- **Exercise**
For this exercise, restate every line below word for word and drop the images.

[Saved entries]

========

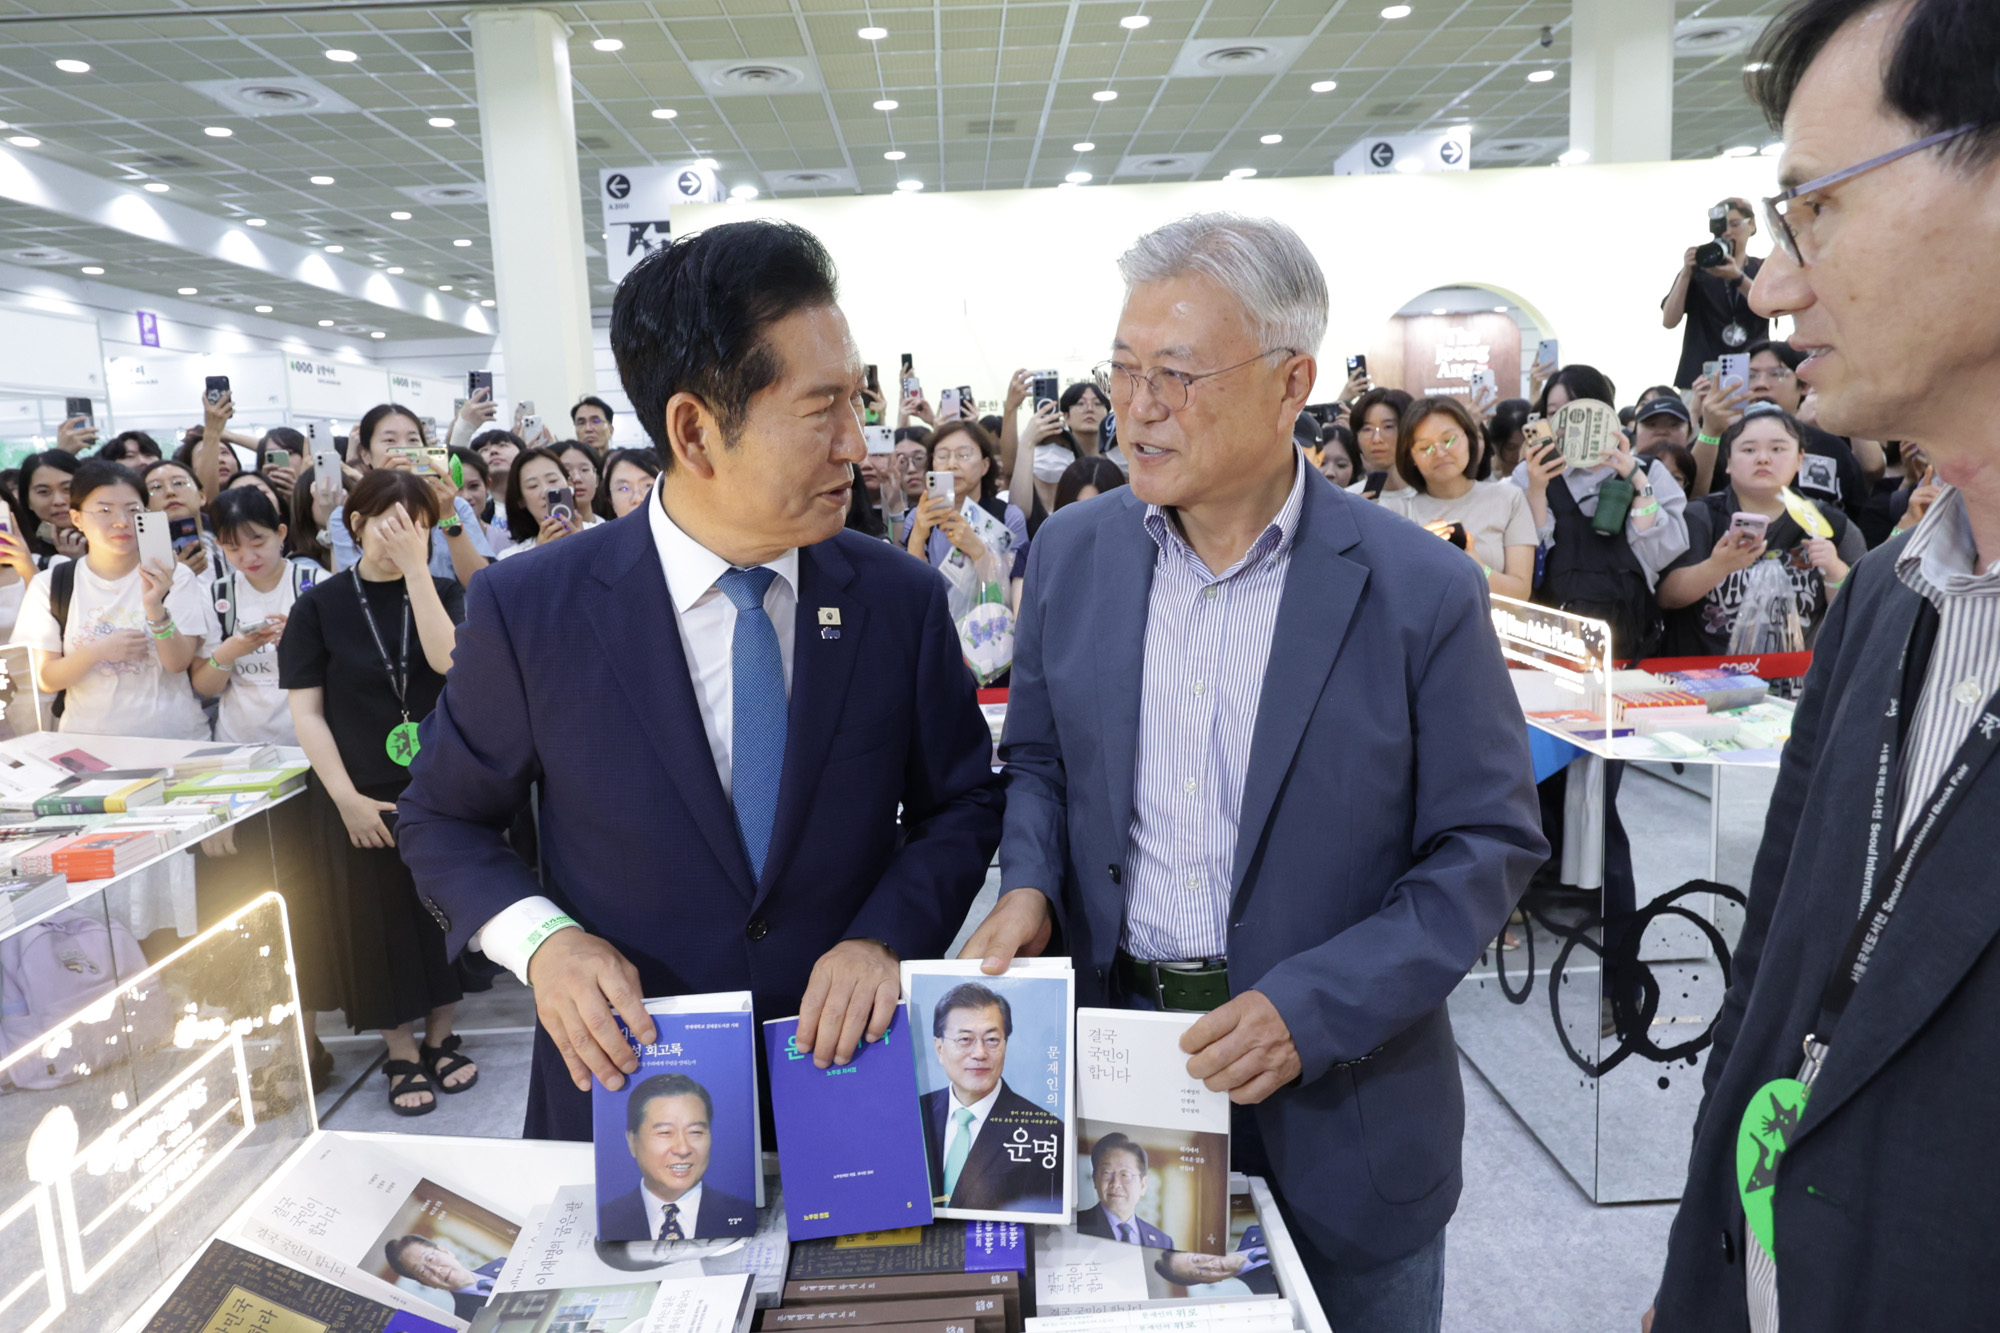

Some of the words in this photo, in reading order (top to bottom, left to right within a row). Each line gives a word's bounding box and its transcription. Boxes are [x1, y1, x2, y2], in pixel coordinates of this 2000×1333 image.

[1868, 823, 1882, 856] Seoul
[1882, 879, 1904, 913] Seoul
[1898, 813, 1937, 883] International
[1931, 786, 1955, 815] Book
[1949, 762, 1969, 786] Fair
[645, 1042, 684, 1058] 회고록
[1088, 1027, 1118, 1044] 결국
[1088, 1046, 1129, 1065] 국민이
[1046, 1045, 1060, 1107] 문재인의
[1088, 1064, 1132, 1083] 합니다
[1003, 1127, 1058, 1169] 운명
[272, 1197, 298, 1219] 결국
[289, 1197, 324, 1228] 국민이
[308, 1206, 342, 1237] 합니다
[565, 1201, 583, 1213] 팔
[554, 1214, 578, 1237] 굽은
[534, 1241, 566, 1285] 이재명의
[1066, 1263, 1083, 1294] 국민이
[1085, 1261, 1103, 1294] 합니다
[1048, 1272, 1064, 1295] 결국
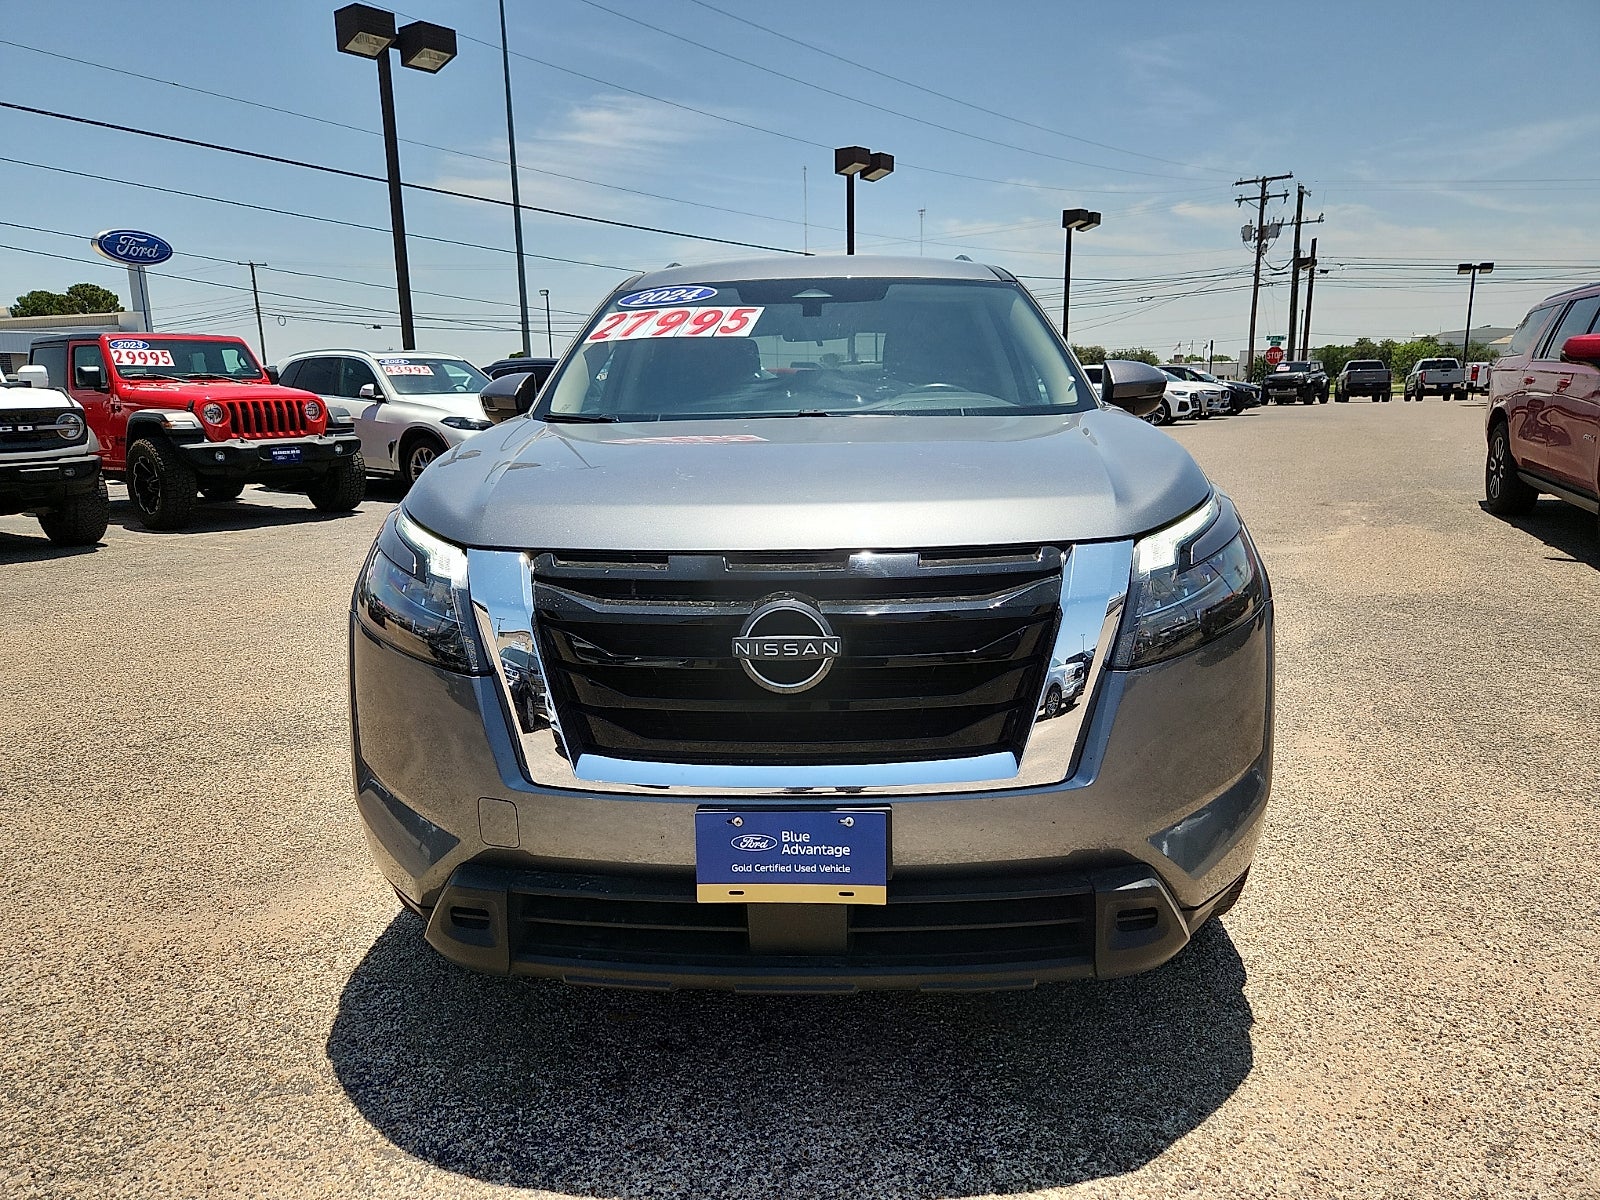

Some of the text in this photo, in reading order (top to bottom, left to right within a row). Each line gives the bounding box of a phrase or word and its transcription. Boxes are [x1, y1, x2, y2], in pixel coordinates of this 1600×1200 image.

[116, 235, 160, 258] Ford
[629, 287, 700, 305] 2024
[589, 308, 758, 341] 27995
[117, 341, 143, 349] 2023
[113, 349, 170, 366] 29995
[1267, 351, 1282, 359] STOP
[734, 641, 839, 656] NISSAN
[739, 835, 769, 850] Ford
[781, 831, 810, 843] Blue
[781, 843, 851, 858] Advantage
[731, 863, 851, 873] Gold Certified Used Vehicle

========

- **Answer box**
Some of the words in this photo, in reading order (top to bottom, left to right within a row). Each line gives a word's bounding box and its transcription. Boxes are [x1, y1, x2, y2], in pixel coordinates of this 2000×1333 image.

[1868, 823, 1882, 856] Seoul
[1882, 879, 1904, 913] Seoul
[1898, 813, 1937, 883] International
[1931, 786, 1955, 815] Book
[1949, 762, 1969, 786] Fair
[645, 1042, 684, 1058] 회고록
[1088, 1027, 1118, 1044] 결국
[1088, 1046, 1129, 1065] 국민이
[1046, 1045, 1060, 1107] 문재인의
[1088, 1064, 1132, 1083] 합니다
[1003, 1127, 1058, 1169] 운명
[272, 1197, 298, 1219] 결국
[289, 1197, 324, 1228] 국민이
[308, 1206, 342, 1237] 합니다
[565, 1201, 583, 1213] 팔
[554, 1214, 578, 1237] 굽은
[534, 1241, 566, 1285] 이재명의
[1066, 1263, 1083, 1294] 국민이
[1085, 1261, 1103, 1294] 합니다
[1048, 1272, 1064, 1295] 결국

Some of the text in this photo, in reading order (top to bottom, left to right within a row). Each line gives the bounding box of a phrase or word and its transcription. Boxes are [x1, y1, x2, y2], in pixel coordinates of this 1600×1200 image.

[116, 235, 160, 258] Ford
[629, 287, 700, 305] 2024
[589, 308, 758, 341] 27995
[117, 341, 143, 349] 2023
[113, 349, 170, 366] 29995
[1267, 351, 1282, 359] STOP
[734, 641, 839, 656] NISSAN
[739, 835, 769, 850] Ford
[781, 831, 810, 843] Blue
[781, 843, 851, 858] Advantage
[731, 863, 851, 873] Gold Certified Used Vehicle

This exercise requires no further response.